#### [About this task]
Without the images, write out all of the following entries exactly.

Stored data entries
+===+
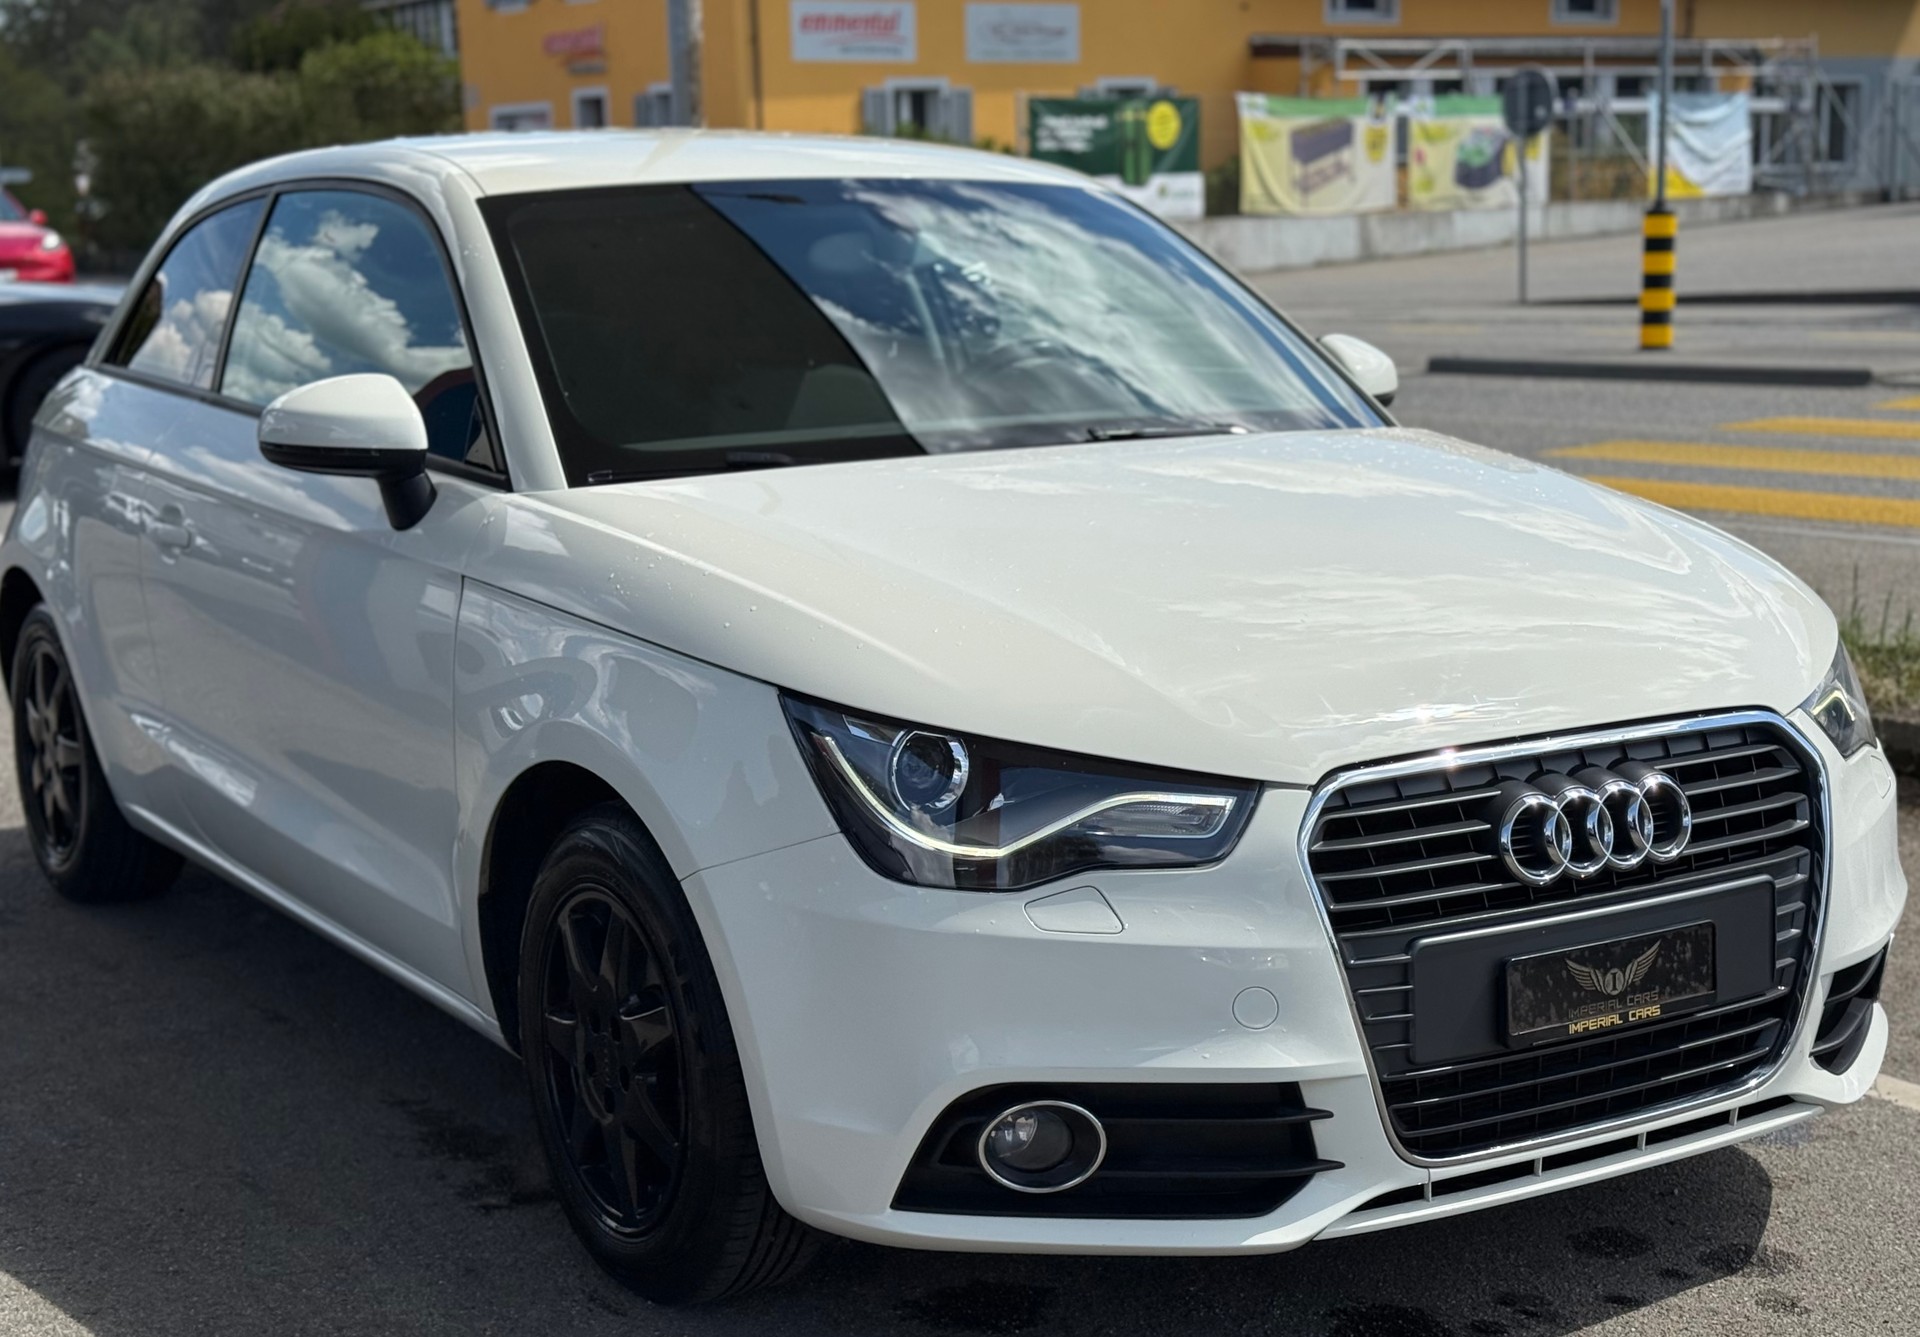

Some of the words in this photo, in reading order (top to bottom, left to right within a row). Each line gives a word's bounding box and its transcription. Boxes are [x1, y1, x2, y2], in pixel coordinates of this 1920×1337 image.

[1568, 999, 1622, 1019] IMPERIAL
[1626, 990, 1659, 1006] CARS
[1568, 1013, 1623, 1035] IMPERIAL
[1628, 1004, 1661, 1021] CARS
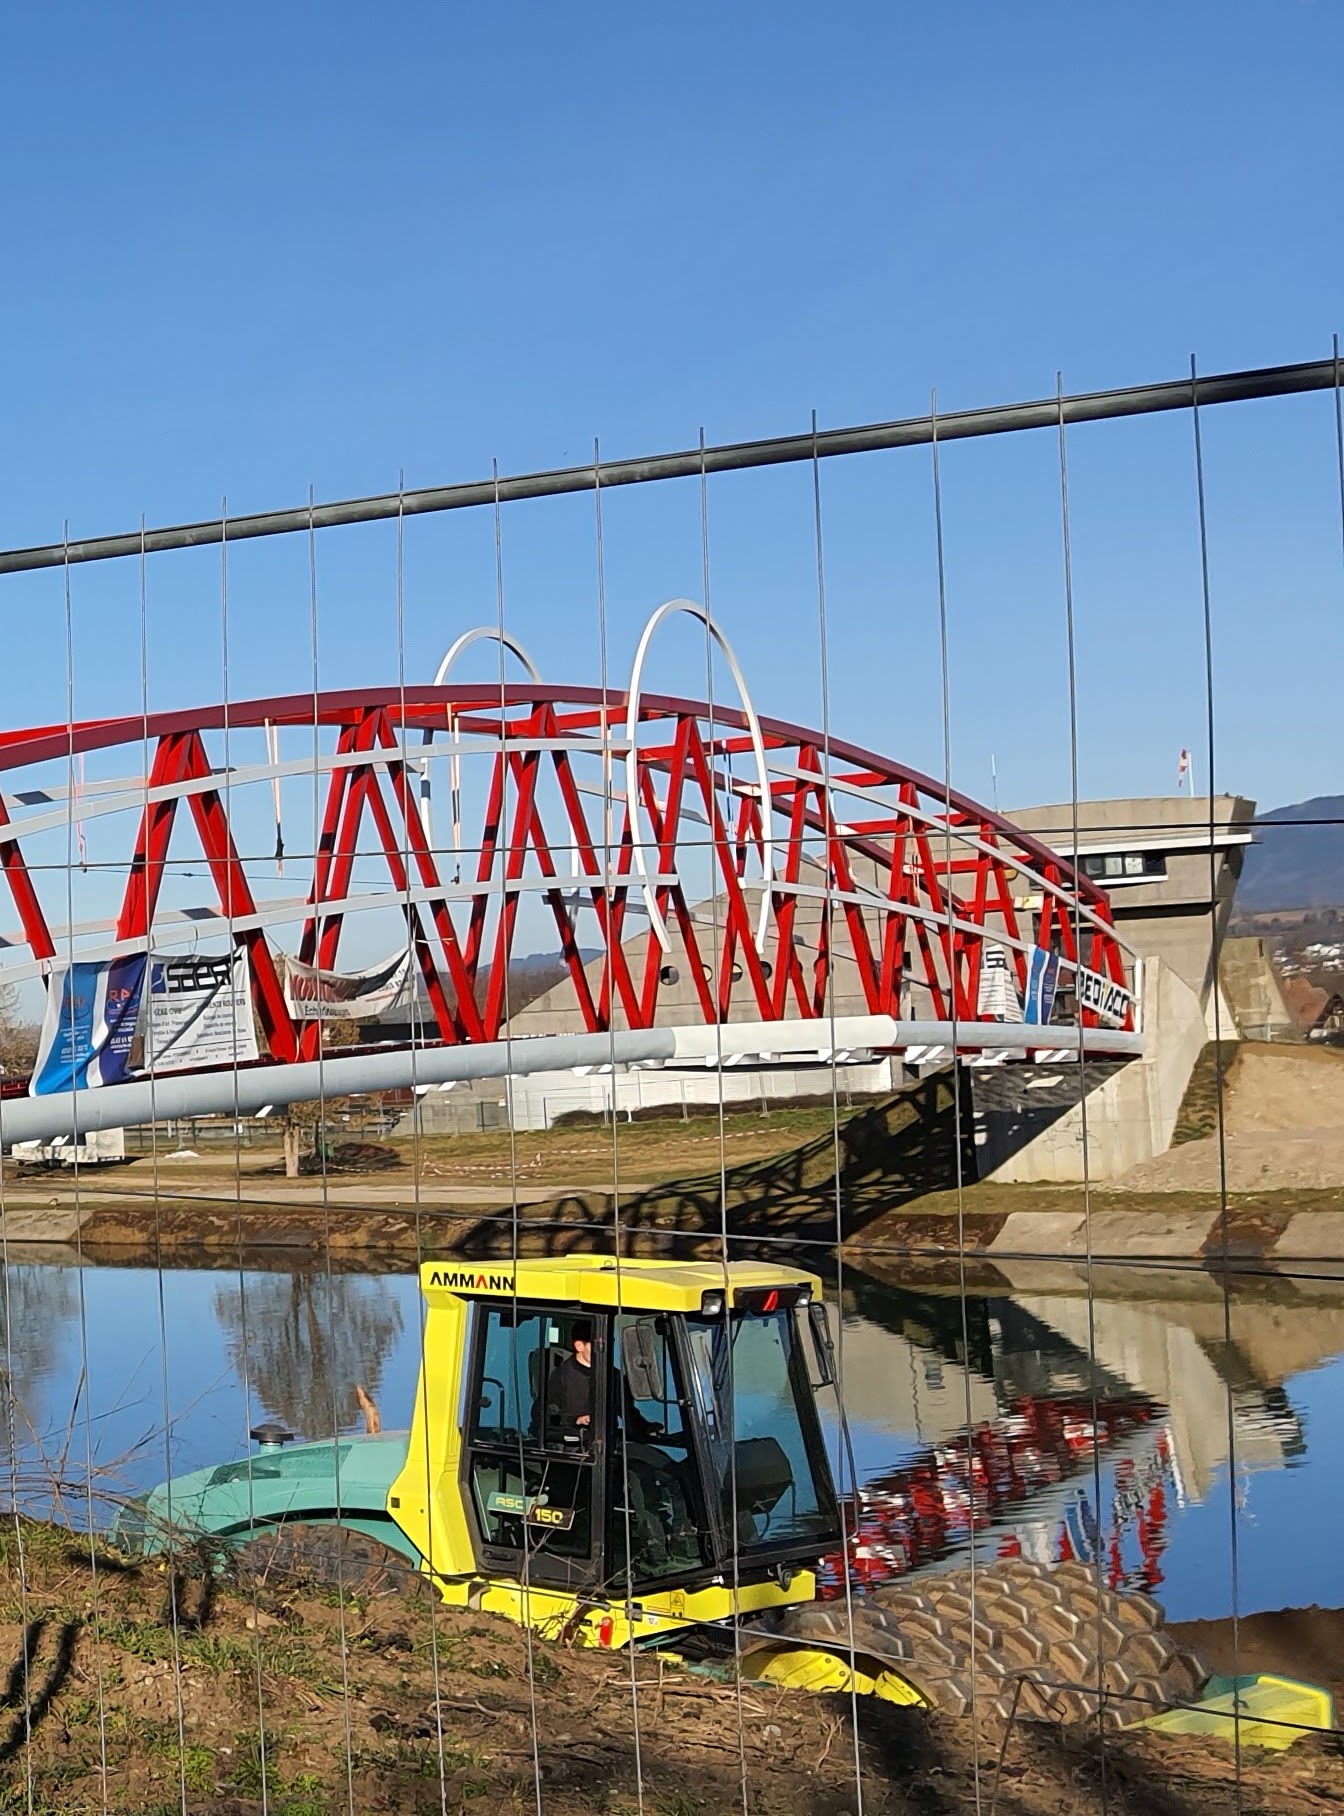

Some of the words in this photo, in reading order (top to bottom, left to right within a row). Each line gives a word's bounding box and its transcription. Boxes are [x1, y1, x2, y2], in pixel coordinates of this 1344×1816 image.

[430, 1271, 515, 1291] AMMANN
[495, 1497, 524, 1510] ASC
[535, 1508, 563, 1524] 150
+===+
#### [Output of the task]
Some of the words in this photo, in reading order (top to bottom, left to right within a row). Each line gives a word's bounding box and its transcription. Boxes are [x1, y1, x2, y2], in pixel coordinates of this 1920×1337 image.

[1568, 999, 1622, 1019] IMPERIAL
[1626, 990, 1659, 1006] CARS
[1568, 1013, 1623, 1035] IMPERIAL
[1628, 1004, 1661, 1021] CARS

Some of the words in this photo, in reading order (top to bottom, left to right within a row). Each line gives a word's bounding box and its transcription. Boxes are [x1, y1, x2, y2], in pixel coordinates of this 1344×1816 image.

[430, 1271, 515, 1291] AMMANN
[495, 1497, 524, 1510] ASC
[535, 1508, 563, 1524] 150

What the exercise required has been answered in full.